A Conversation with Michael Pagano

VPRN recently spoke with advisory board member and University of Illinois at Chicago professor Michael Pagano about why some cities welcome vacant land, what intrigues him about land banking, and how urban greening reminds him of the early 20th century progressives. Below is an excerpt.

For a lot of policymakers, an automatic response to a vacant lot might be the desire to get the property back to producing taxes for the city. What’s wrong with that response?

Michael Pagano

To accelerate the placing of a vacant land back on the tax rolls may be an unwise move because there may be a better use if some time can go by. I think that when we think of vacant land, one thinks of vacant land as more the dilapidated structures, the abandoned lands, and not in transition, not just sitting fallow. That’s not always the case for vacant lots. The context matters. We need to think about vacant land in terms of a broader strategy for economic development that the city has in mind or the strategic vision that the city has for a particular area of a city. It might be that vacant land ought to remain a pocket park, a small green space in a neighborhood. It may have the effect of bolstering the land values around it. Transforming a vacant lot, or placing a vacant lot back on the tax rolls as an immediate priority for an elected official is really a contextual question. It really depends on where the city is, where the vacant lot is, and what the city has in mind for that area in terms of land use and zoning areas.

What did you learn from Terra Incognita, your 2004 book about vacant land strategies that you wrote with Amy Bowman?

The book’s now been out for 10 years, but it was based on data that we collected in the late 1990s. At the time cities were looking at how to convert vacant land into something more productive, or how to avoid abandonment. We started asking, well is this a big problem? We were starting to see the closing down on heavy manufacturing in particular was leaving these large swaths of land that looked really dreadful. And, depending on where you live, you’d say, “Vacant land is awful. This is a terrible thing. It was symbolic of decline and everything else.” And we said, “Okay, that’s true, but is it pervasive, and actually how much is there of it?  Is it worse now than it had been in the past?”

We realized that there hadn’t been a survey that could really measure how much vacant land there was in cities since the late 1960s. Any assessment of vacant land as a bad thing was really very idiosyncratic. Most of it came from either policy people or scholars who were located in a city that had a lot of vacant industrial land, or abandoned steel mills.  We conducted this nationwide survey and were surprised at how cities understood the possibility and prospect of vacant land conversion or reconversion. It really depended on the growth, the level of sprawl, the opportunities for incorporation, and the viability and prospects for certain neighborhoods.

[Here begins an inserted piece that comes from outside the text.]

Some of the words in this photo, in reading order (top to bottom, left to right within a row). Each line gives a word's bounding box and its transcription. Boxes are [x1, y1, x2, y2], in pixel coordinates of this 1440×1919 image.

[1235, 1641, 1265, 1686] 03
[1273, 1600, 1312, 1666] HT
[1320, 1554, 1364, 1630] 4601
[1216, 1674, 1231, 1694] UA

One of our rather startling conclusions was that vacant land really could be a harbinger of bad things to come or a harbinger of good things to come, depending on the city, the location of the vacant land, and what the city had in mind to do with the vacant land. So we focused on three cities that were quite different: Philadelphia, Seattle, and Phoenix. If there is a single understanding of what vacant land is, Philadelphia’s vacant land is probably closer to that than any other. But then there’s Seattle that would love to have vacant land so it could design a development approach. Then there’s Phoenix that can annex to the end of the world. They looked at vacant land as an opportunity for empire building and annexation.

When you start defining vacant land in common terms, land that is unused or doesn’t have any structure, you realize that that can mean anything from the desert in Phoenix to the abandoned ship yard in the warehousing section of Philadelphia. The policy approaches of these are quite different. I think that what we provided in Terra Incognita was a first base line look at the scope and size of vacant land and abandoned structures across cities in the U.S. One of the estimates we generated from the survey was that about 15 or 16 percent of cities’ land is vacant. Well, is that bad or is that good?  Well, it depends on where you are. But, it was almost the exact same amount of land that was vacant in the original survey of the late 1960s. In 30 years, the proportion of land to a city’s land mass had not changed much.

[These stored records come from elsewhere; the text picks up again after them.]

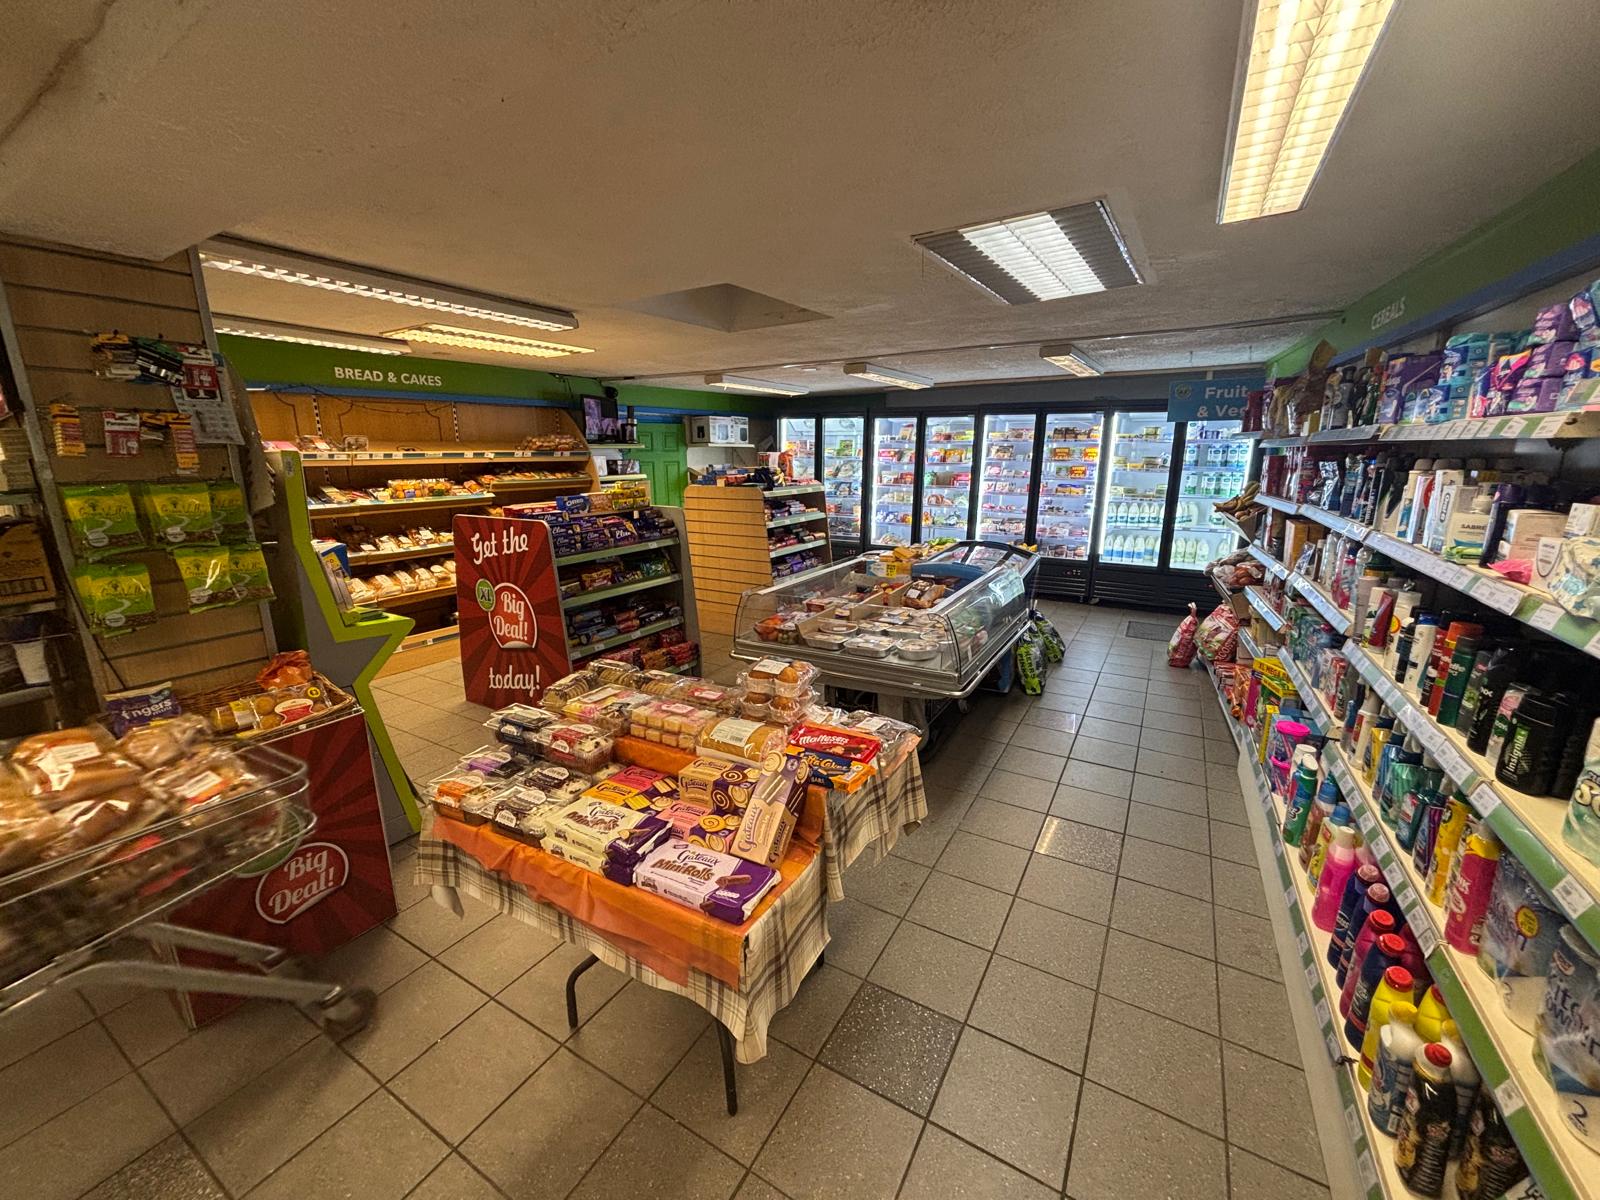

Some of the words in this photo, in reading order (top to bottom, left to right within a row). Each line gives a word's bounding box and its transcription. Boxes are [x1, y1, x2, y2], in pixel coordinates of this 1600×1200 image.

[1370, 295, 1406, 330] CEREALS
[334, 366, 384, 382] BREAD
[387, 371, 398, 384] &
[400, 372, 442, 387] CAKES
[1204, 385, 1248, 399] Fruit
[1196, 405, 1209, 418] &
[471, 532, 498, 565] Get
[502, 526, 529, 555] the
[480, 587, 492, 602] XL
[501, 591, 525, 620] Big
[494, 615, 528, 641] Deal!
[488, 665, 540, 698] today!
[800, 734, 849, 745] Maltesers
[284, 849, 328, 881] Big
[268, 866, 335, 915] Deal!
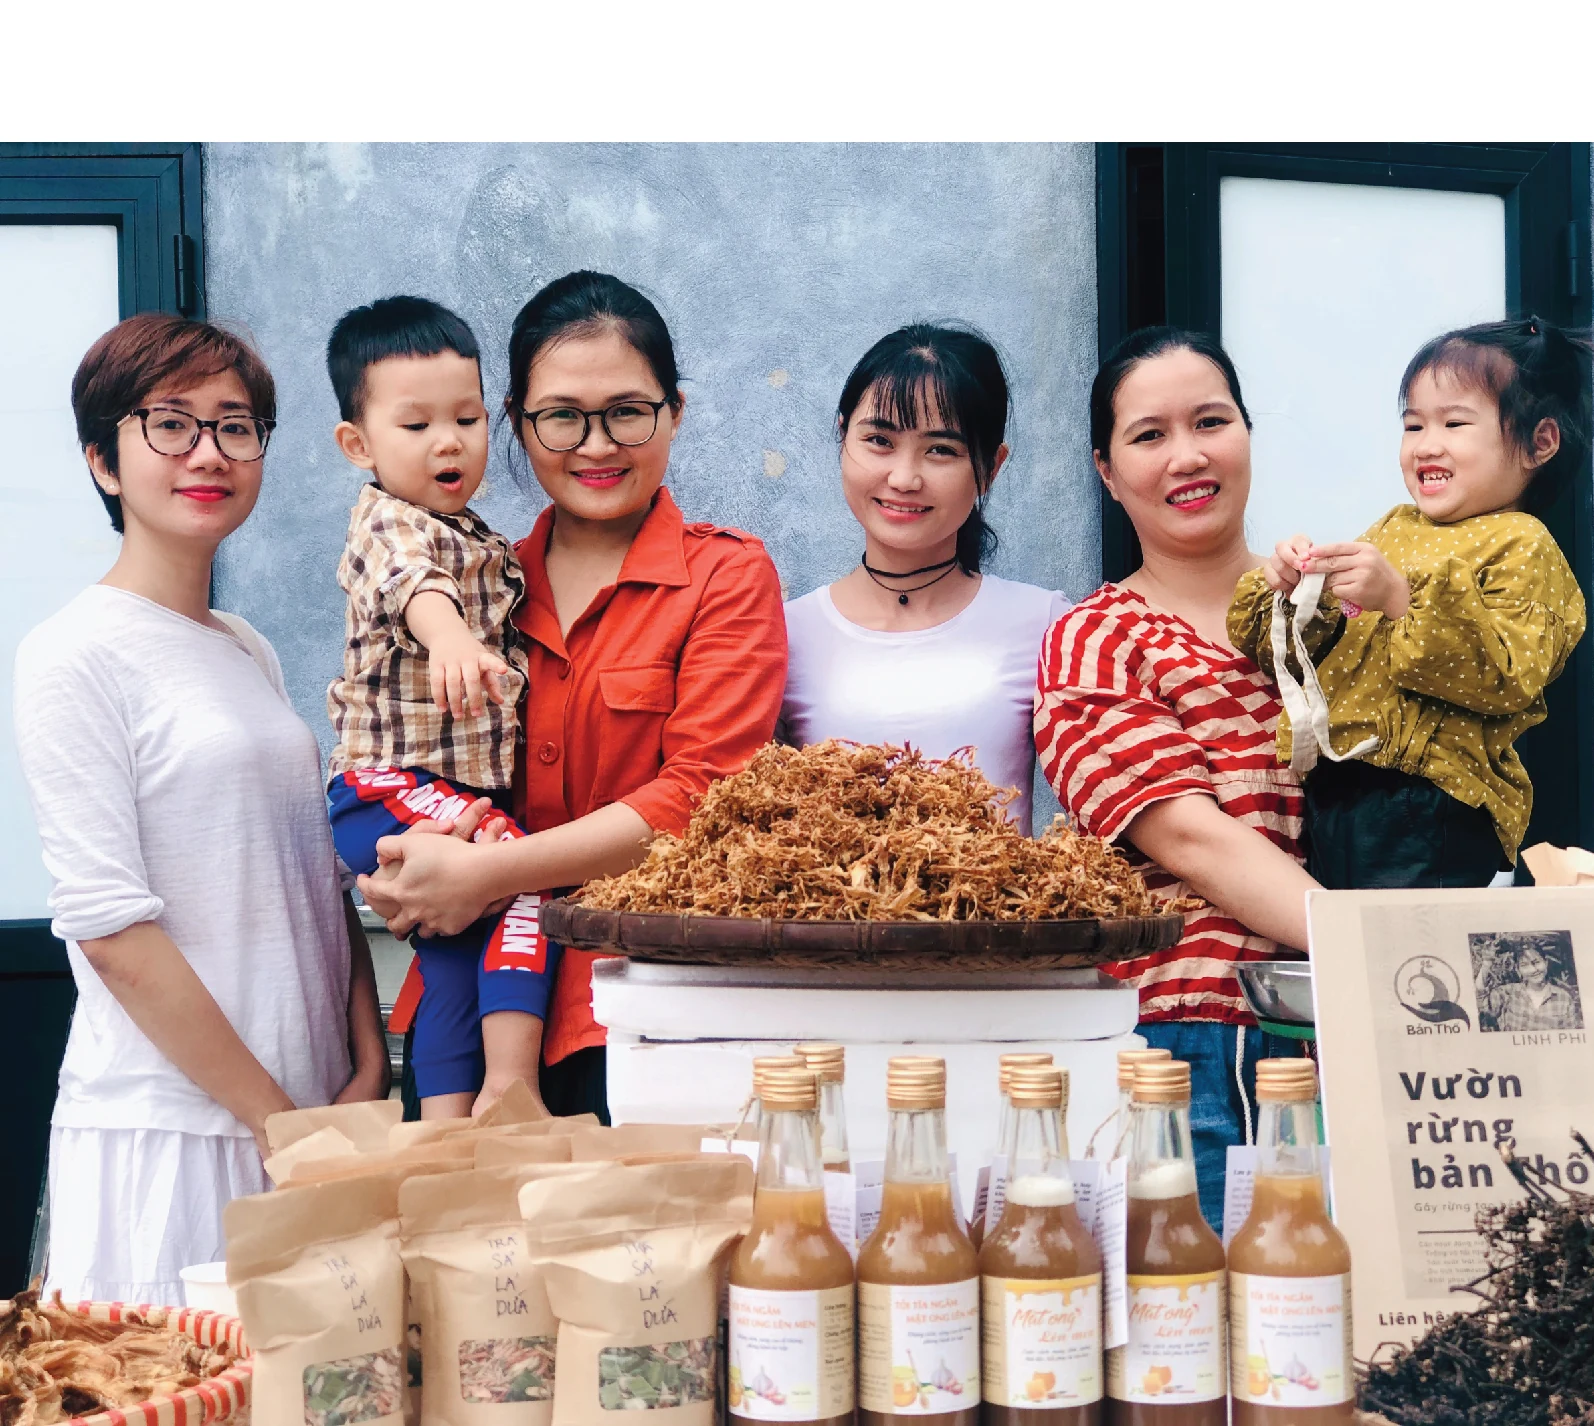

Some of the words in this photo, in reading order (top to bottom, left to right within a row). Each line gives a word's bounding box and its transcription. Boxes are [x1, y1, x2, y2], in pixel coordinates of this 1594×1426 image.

[1558, 1032, 1587, 1045] PHI
[1398, 1067, 1523, 1101] Vườn
[1406, 1111, 1517, 1151] rừng
[1411, 1153, 1494, 1190] bản
[1378, 1311, 1418, 1326] Liên

Do you think it’s the same percentage today?

It certainly has moved. I am guessing it has increased because of housing prices, but that might just be temporary.

What are exciting urban economic development plans or tools in the U.S.?

I am intrigued with the land banks in Cooke County that Frank Alexander has been instrumental in helping to set up. Vacant land in Cooke County is not homogenously distributed across the landscape. It’s fairly concentrated in particular areas so it’s not a citywide problem. It’s a neighborhood specific problem. I don’t see that land banking requires that land to be put back on the tax rolls but it could be to be put back to use as a park or public purpose to help guide and direct the economic development of a particular piece within the larger city. I find that to be very intriguing. I think it’ll generate a lot of dissertations.

What patterns are you seeing as an editor of Urban Affairs Review that surprise you?

One of the interesting parts of UAR is the submissions are so eclectic that there’s not really a theme or trend that comes through. I’ve learned an awful lot about voting, polling, neighborhood composition, changing demographics and racial concerns. There has been very little on vacant land. Interesting pieces are coming out primarily from planners and geographers on green space. It reminds me of the reformers, progressives of the late 19th Century, who were clamoring for green space, but it was green space for health purposes.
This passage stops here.